▶ _WHAT TO PRODUCE_
The data below is to be output in full, unchanged.

▶ _Records excerpted from a collection_
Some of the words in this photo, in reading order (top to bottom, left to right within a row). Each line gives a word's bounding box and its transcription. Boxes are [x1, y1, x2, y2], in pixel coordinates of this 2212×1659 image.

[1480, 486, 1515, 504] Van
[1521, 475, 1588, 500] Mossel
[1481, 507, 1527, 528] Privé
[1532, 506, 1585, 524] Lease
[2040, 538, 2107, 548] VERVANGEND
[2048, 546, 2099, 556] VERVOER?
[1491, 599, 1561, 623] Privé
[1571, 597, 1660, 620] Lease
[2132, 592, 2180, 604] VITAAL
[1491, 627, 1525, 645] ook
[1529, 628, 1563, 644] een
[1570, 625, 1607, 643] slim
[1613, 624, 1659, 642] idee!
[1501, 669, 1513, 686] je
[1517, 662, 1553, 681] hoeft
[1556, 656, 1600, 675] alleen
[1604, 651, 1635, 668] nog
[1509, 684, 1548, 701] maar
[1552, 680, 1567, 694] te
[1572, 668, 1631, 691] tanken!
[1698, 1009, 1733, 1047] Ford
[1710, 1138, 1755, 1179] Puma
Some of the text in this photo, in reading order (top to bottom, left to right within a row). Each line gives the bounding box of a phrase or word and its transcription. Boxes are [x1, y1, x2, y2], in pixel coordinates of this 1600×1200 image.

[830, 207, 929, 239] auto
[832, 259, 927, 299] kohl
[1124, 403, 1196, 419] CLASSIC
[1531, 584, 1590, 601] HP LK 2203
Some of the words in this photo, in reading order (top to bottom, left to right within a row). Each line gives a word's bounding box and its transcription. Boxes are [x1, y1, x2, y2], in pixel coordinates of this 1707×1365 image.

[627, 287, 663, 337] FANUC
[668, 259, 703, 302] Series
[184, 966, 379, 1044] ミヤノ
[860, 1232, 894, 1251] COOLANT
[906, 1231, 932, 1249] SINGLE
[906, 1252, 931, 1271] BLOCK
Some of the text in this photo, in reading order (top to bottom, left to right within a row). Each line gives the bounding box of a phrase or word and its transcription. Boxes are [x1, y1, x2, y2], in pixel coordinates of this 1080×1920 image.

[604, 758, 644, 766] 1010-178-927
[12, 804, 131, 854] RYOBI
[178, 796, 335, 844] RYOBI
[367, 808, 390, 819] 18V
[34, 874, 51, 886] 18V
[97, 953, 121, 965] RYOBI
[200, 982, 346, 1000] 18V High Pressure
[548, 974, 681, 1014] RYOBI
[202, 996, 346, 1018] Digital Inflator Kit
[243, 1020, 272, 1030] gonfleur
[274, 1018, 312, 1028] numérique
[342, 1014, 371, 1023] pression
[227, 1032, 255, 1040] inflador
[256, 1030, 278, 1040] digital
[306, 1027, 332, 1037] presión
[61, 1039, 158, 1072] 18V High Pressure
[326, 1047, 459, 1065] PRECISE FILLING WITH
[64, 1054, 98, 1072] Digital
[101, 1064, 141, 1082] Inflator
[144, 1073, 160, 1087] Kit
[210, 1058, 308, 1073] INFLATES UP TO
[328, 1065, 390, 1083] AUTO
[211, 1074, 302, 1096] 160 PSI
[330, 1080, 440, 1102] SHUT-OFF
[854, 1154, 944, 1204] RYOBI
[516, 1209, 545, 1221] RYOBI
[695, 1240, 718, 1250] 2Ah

▶ _SOLUTION FOR THIS EXERCISE_
Some of the words in this photo, in reading order (top to bottom, left to right within a row). Each line gives a word's bounding box and its transcription. Boxes are [x1, y1, x2, y2], in pixel coordinates of this 2212×1659 image.

[1480, 486, 1515, 504] Van
[1521, 475, 1588, 500] Mossel
[1481, 507, 1527, 528] Privé
[1532, 506, 1585, 524] Lease
[2040, 538, 2107, 548] VERVANGEND
[2048, 546, 2099, 556] VERVOER?
[1491, 599, 1561, 623] Privé
[1571, 597, 1660, 620] Lease
[2132, 592, 2180, 604] VITAAL
[1491, 627, 1525, 645] ook
[1529, 628, 1563, 644] een
[1570, 625, 1607, 643] slim
[1613, 624, 1659, 642] idee!
[1501, 669, 1513, 686] je
[1517, 662, 1553, 681] hoeft
[1556, 656, 1600, 675] alleen
[1604, 651, 1635, 668] nog
[1509, 684, 1548, 701] maar
[1552, 680, 1567, 694] te
[1572, 668, 1631, 691] tanken!
[1698, 1009, 1733, 1047] Ford
[1710, 1138, 1755, 1179] Puma
Some of the text in this photo, in reading order (top to bottom, left to right within a row). Each line gives the bounding box of a phrase or word and its transcription. Boxes are [x1, y1, x2, y2], in pixel coordinates of this 1600×1200 image.

[830, 207, 929, 239] auto
[832, 259, 927, 299] kohl
[1124, 403, 1196, 419] CLASSIC
[1531, 584, 1590, 601] HP LK 2203
Some of the words in this photo, in reading order (top to bottom, left to right within a row). Each line gives a word's bounding box and its transcription. Boxes are [x1, y1, x2, y2], in pixel coordinates of this 1707×1365 image.

[627, 287, 663, 337] FANUC
[668, 259, 703, 302] Series
[184, 966, 379, 1044] ミヤノ
[860, 1232, 894, 1251] COOLANT
[906, 1231, 932, 1249] SINGLE
[906, 1252, 931, 1271] BLOCK
Some of the text in this photo, in reading order (top to bottom, left to right within a row). Each line gives the bounding box of a phrase or word and its transcription. Boxes are [x1, y1, x2, y2], in pixel coordinates of this 1080×1920 image.

[604, 758, 644, 766] 1010-178-927
[12, 804, 131, 854] RYOBI
[178, 796, 335, 844] RYOBI
[367, 808, 390, 819] 18V
[34, 874, 51, 886] 18V
[97, 953, 121, 965] RYOBI
[200, 982, 346, 1000] 18V High Pressure
[548, 974, 681, 1014] RYOBI
[202, 996, 346, 1018] Digital Inflator Kit
[243, 1020, 272, 1030] gonfleur
[274, 1018, 312, 1028] numérique
[342, 1014, 371, 1023] pression
[227, 1032, 255, 1040] inflador
[256, 1030, 278, 1040] digital
[306, 1027, 332, 1037] presión
[61, 1039, 158, 1072] 18V High Pressure
[326, 1047, 459, 1065] PRECISE FILLING WITH
[64, 1054, 98, 1072] Digital
[101, 1064, 141, 1082] Inflator
[144, 1073, 160, 1087] Kit
[210, 1058, 308, 1073] INFLATES UP TO
[328, 1065, 390, 1083] AUTO
[211, 1074, 302, 1096] 160 PSI
[330, 1080, 440, 1102] SHUT-OFF
[854, 1154, 944, 1204] RYOBI
[516, 1209, 545, 1221] RYOBI
[695, 1240, 718, 1250] 2Ah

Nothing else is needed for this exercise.